The longer opinion piece in Dutch was published today on Vrij Links. You can read it here.

The English version of the opinion piece is below, as is the email received from the paper and our shortened letter to the editor, which was never published. 

Update: After a number of contacts with the publication, our short letter to the editor was published on 31 July 2019. You can see the letter here.

Shortened Letter To The Editor In English 

Mr. Suhonic has made false claims regarding Council of Ex-Muslims of Britain (CEMB). We are one of the largest and oldest progressive ex-Muslim groups worldwide. We defend LGBT rights of ex-Muslims and Muslims and the rights to apostasy and blasphemy. 

In struggling for these rights, we enact the rights that we demand. We blaspheme to win the right to blasphemy and reject religion to defend the right to apostasy. This public resistance when we can be shunned or killed for celebrating who we are is particularly apt to Gay Pride. 

Like women demanding the right to vote or blacks demanding an end to Jim Crow laws, we will blaspheme until we will no longer be killed for it. This may cause Mr Suhonic offence but defending the rights of those that offend religious morality has always been a cornerstone of progressive politics. After all, there are some Muslims who are offended by those who are Muslim and gay. 

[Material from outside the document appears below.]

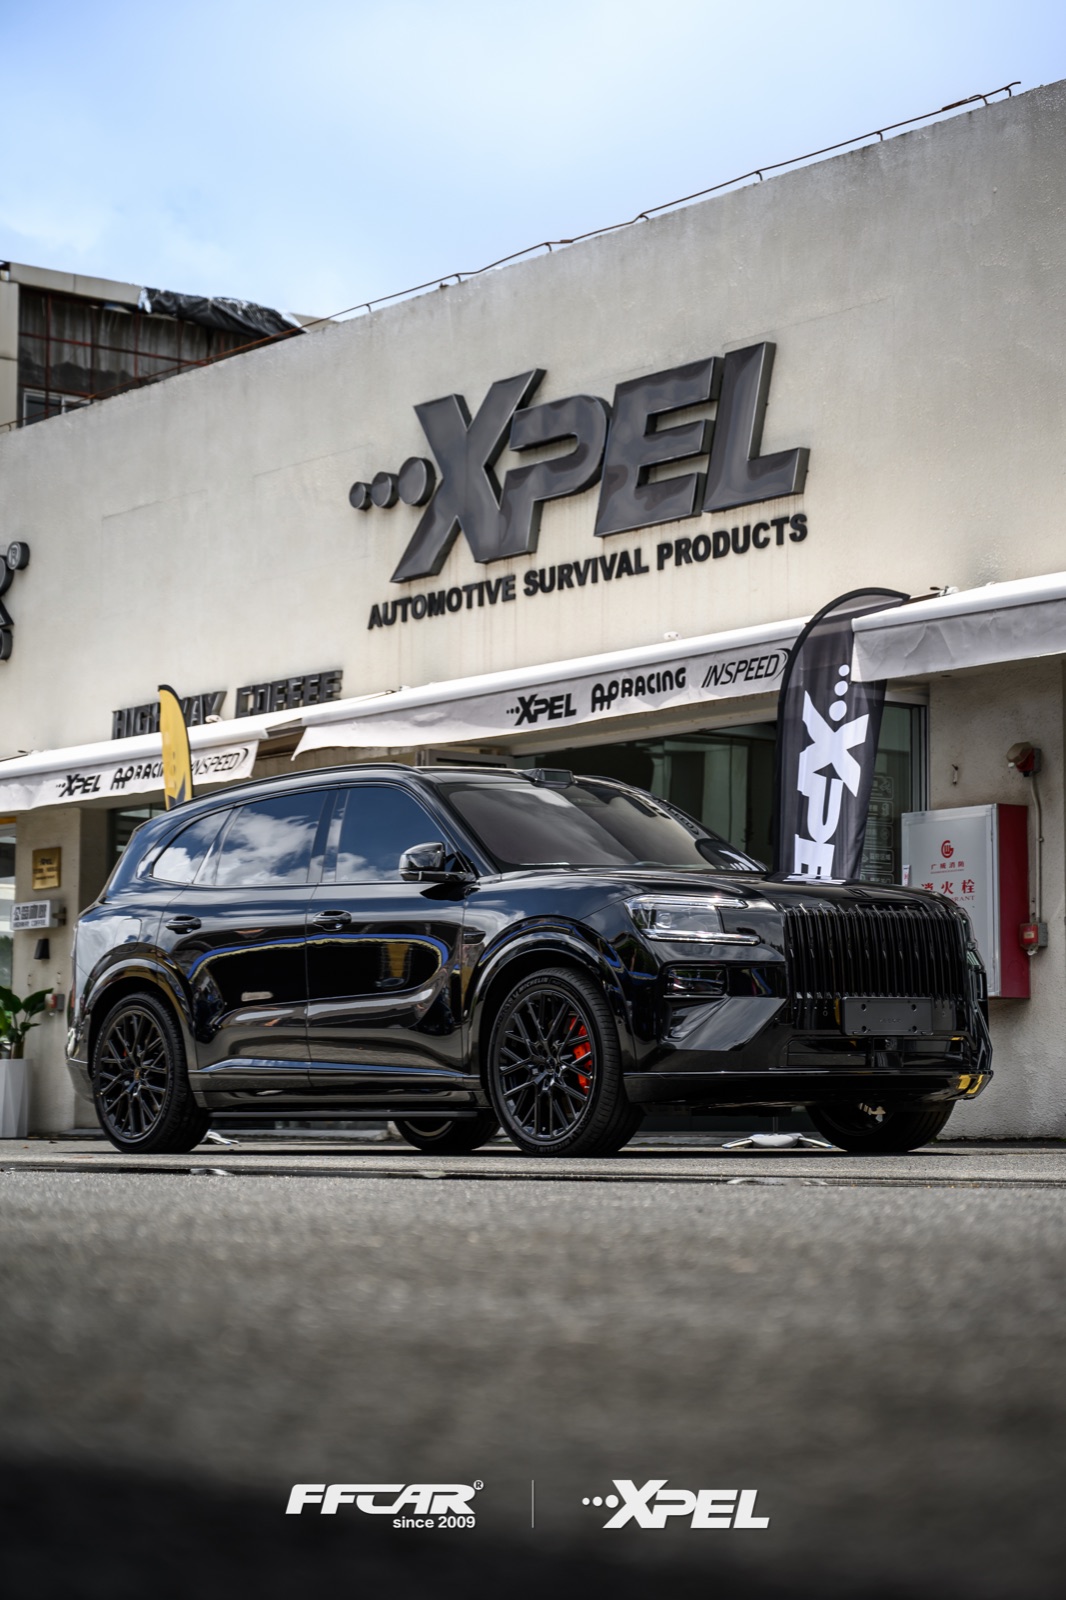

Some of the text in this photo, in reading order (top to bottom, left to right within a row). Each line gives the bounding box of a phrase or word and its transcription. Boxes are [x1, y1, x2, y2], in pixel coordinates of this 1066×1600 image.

Offence cannot be justification to deny minorities within minorities their rights. Mr Suhonic’s conflating blasphemy with far-Right support is like absurdly conflating his belief in Islam with support from Islamism! For us, Islamism is our far-Right and fundamentally no different from other religious-Right and racist movements. Bigotry affects us and our families too but we will not excuse fundamentalism because of racism nor racism because of fundamentalism.

Jimmy Bangash and Maryam Namazie
CEMB Spokespersons



Jimmy Bangash en Maryam Namazie
CEMB woordvoerders

Email from the publication. 

On 16 Jul 2019, at 15:45, Het hoogste woord wrote:

Dear Mrs. Namazie,

Thank you, for your email and taking the effort to translate it to Dutch. After consulting with the author, I have made some changes to the article on our website. The sentence about the “Fuck islam-placard” has been removed. I added an editorial comment at the bottom of the article. Mr. Suhonic asked me to tell you he regrets his mistake.

Regarding your comment about the support for CEMB, I clarified in the article that Mr Suhonic meant “support on social media”, not financial support.

I would like to offer you the chance to reply and clarify your activities and position, however a full opinion piece would be too much, since you are not a Dutch organization and the remarks about your activities in Mr. Suhonic article are not the focus of the article. You are welcome to write a short response (around 150 words), which I will consider for publication in the ‘Letters to the newspaper’ section.

Met vriendelijke groet, kind regards,
Jesse Beentjes
Coördinator Het Hoogste Woord
Jacob Bontiusplaats 9, 1018 LL Amsterdam 


The Longer Opinion Piece We Initially Wrote To Refute Suhonic’s False Claims About Cemb – Dutch Has Been Published In Vrij Links


On 15 Jul 2019, at 09:58, CEMB
wrote:

To whom it may concern

Your newspaper Het Parool published a piece by Dino Suhonic, director of Maruf, platform for queer Muslims in the Netherlands where a number of intentionally false statements were made on the Council of Ex-Muslims of Britain and our fight for LGBT rights of Muslims and ex-Muslims as well as the rights to apostasy and blasphemy.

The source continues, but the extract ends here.